So, we anyway we did a little bit of analysis. So, I have that in the slides where essentially what I do is, I look at the points of view of observers only from only for specific variables so you can see that these are clearly in SC.

(Refer Slide Time: 38:32)



So, PLSC holds. Non atomic writes well there are many popular architectures such as IBM machines and arm machines where writes are not atomic again for performance reasons. What is happening here? Thread 2 is basically reading the write to x early before it is visible to thread 3. This is possible if multiple locations store the variable x and core 2 is somehow closer to core 1 and core 3 is far away. So, core 2 sees it first sees it first and core 3 sees it later.

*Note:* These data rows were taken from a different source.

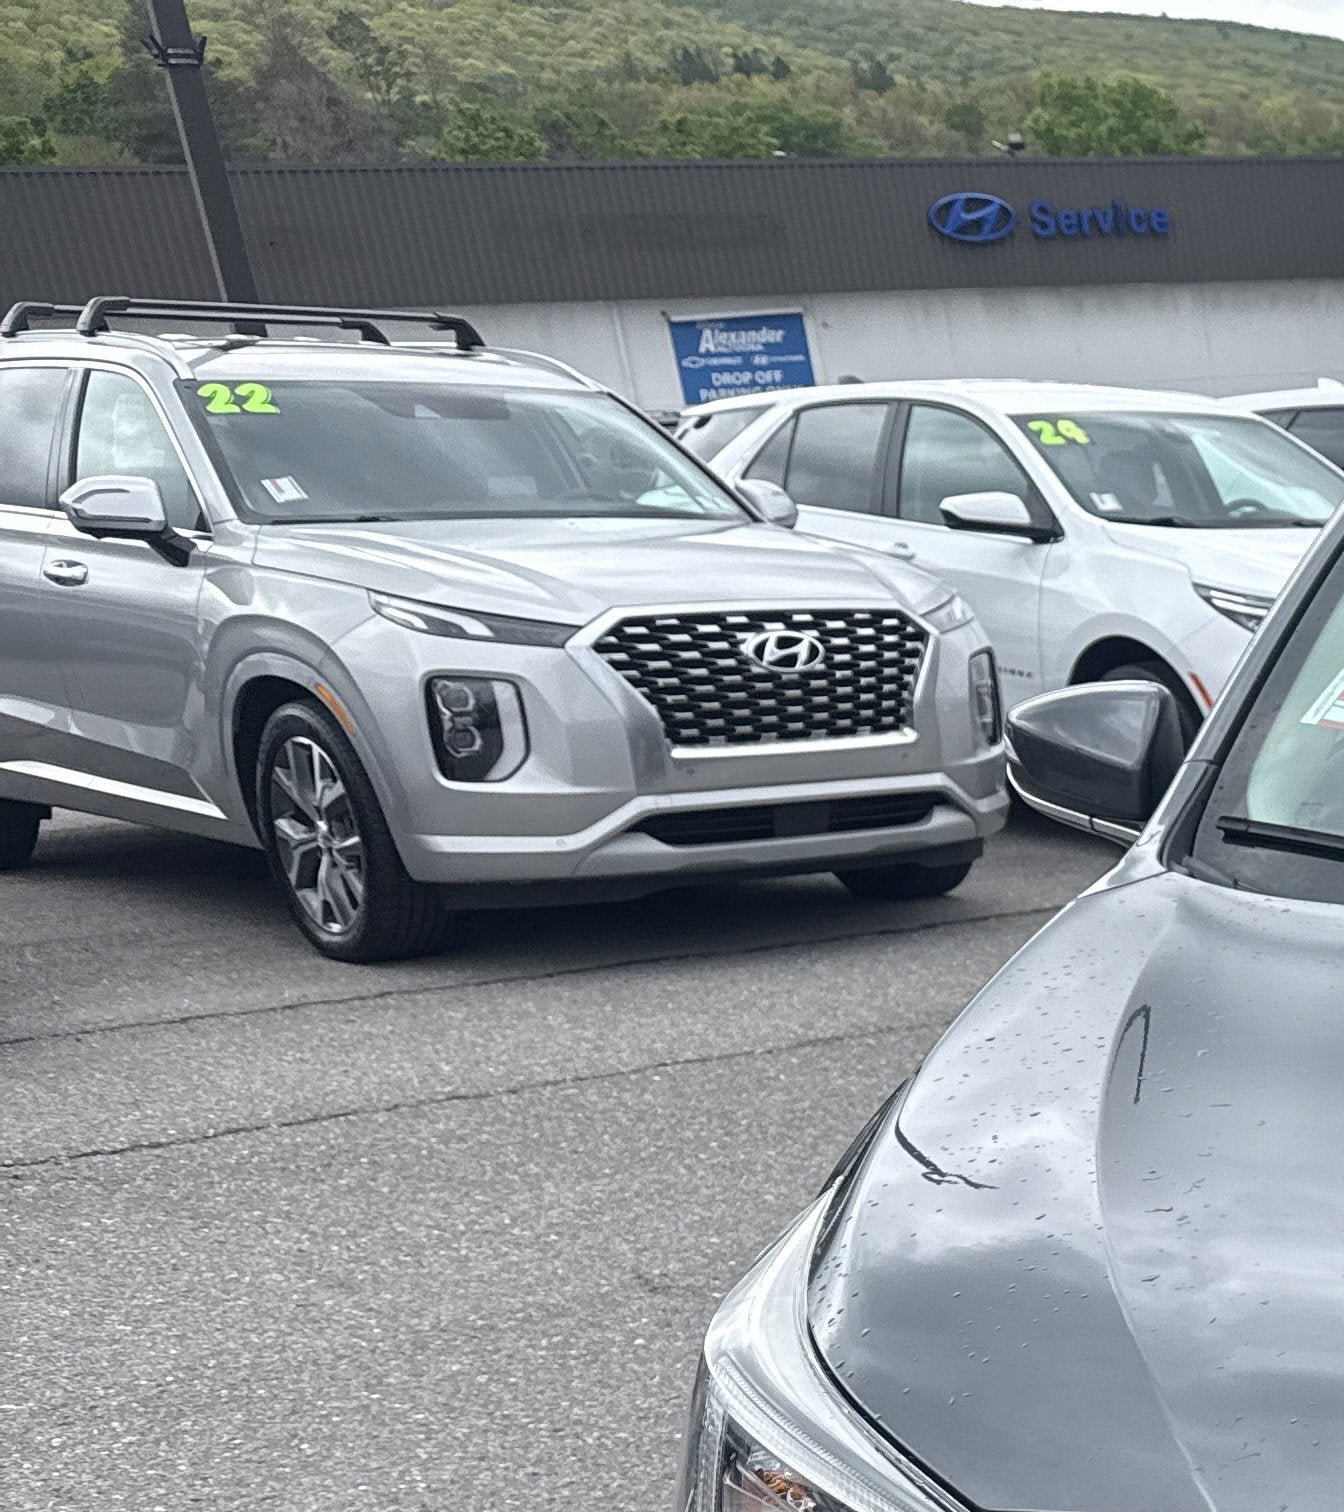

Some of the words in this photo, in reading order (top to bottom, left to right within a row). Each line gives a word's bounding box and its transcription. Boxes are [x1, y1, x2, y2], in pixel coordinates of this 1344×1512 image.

[1028, 198, 1170, 237] Service
[699, 326, 785, 353] Alexander
[711, 371, 752, 387] DROP
[754, 369, 783, 385] OFF
[197, 383, 280, 414] 22
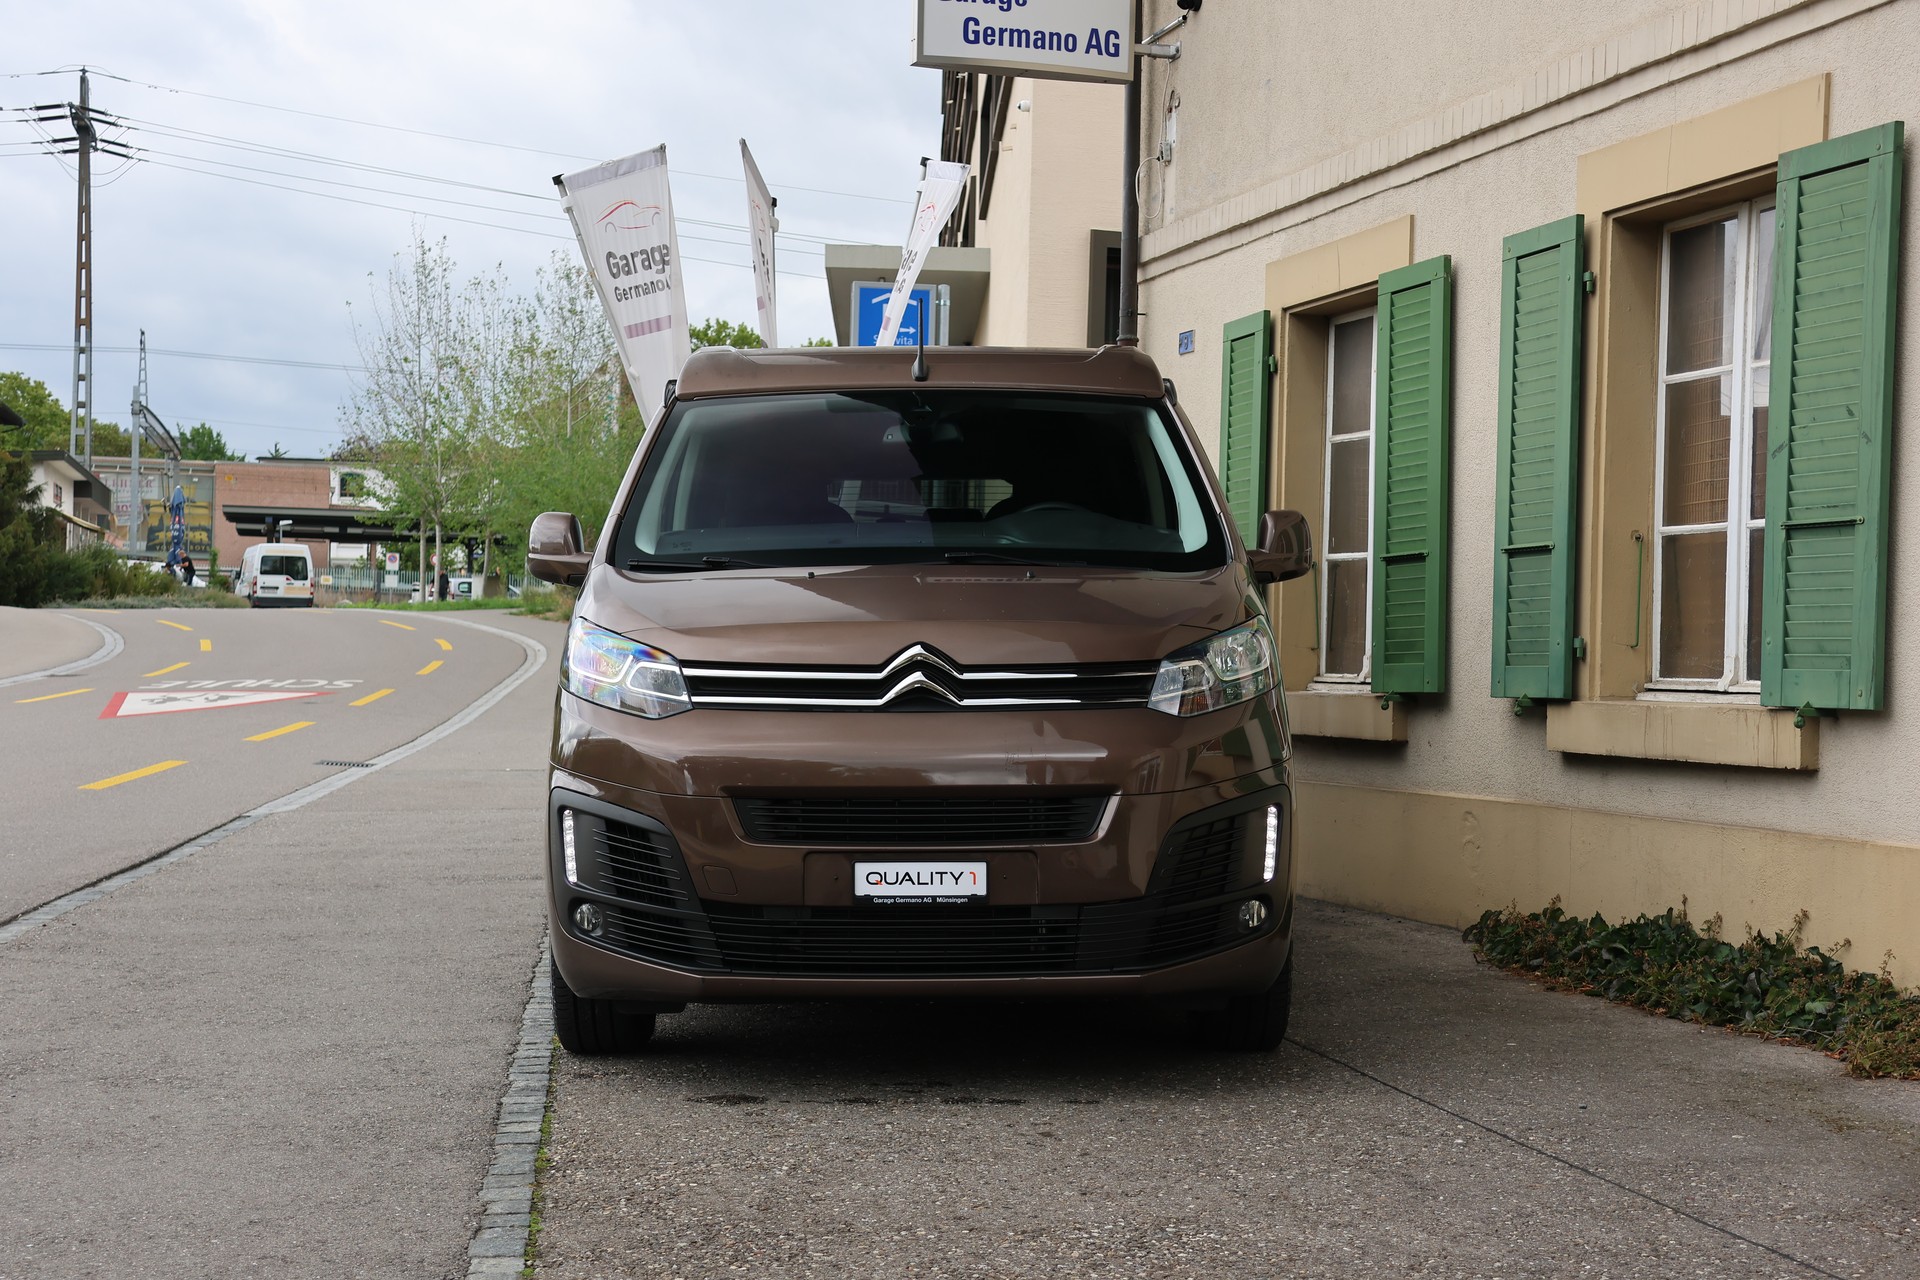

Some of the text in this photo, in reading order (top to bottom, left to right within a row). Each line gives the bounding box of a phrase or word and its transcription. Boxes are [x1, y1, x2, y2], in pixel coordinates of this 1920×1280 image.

[963, 17, 1120, 57] Germano AG
[606, 243, 669, 279] Garage
[614, 278, 666, 303] Germano
[139, 679, 363, 689] SCHULE
[866, 872, 977, 885] QUALITY 1

In any system with an NoC this can easily happen, but nevertheless as far as we are concerned the execution is in PLSC. So, let us accept it if we are accepting non atomic writes and IBM and arms memory models do accept it. So, you run something on your phone you might very well see this execution. So, this means that PLSC will hold as I said PLSC always holds if we want distributed cache to act like a shared cache, but atomicity might or might not hold. It depends on the memory model. So, in Intel machines atomicity holds, but in IBM and arm machines it does not hold.

(Refer Slide Time: 39:52)



So, let us now look at a behavior which is not in PLSC. So, this behavior would be that I write 1 and 2 to x and I read them in different orders. So, we have seen this execution before also and this execution is not in SC since there is single location it's not in PLSC. You have also seen SC implies PLSC, PLSC does not necessarily imply SC and we have also seen that writes that are atomic with respect to one location may not be atomic with respect to multiple locations when you are considering multi variable programs.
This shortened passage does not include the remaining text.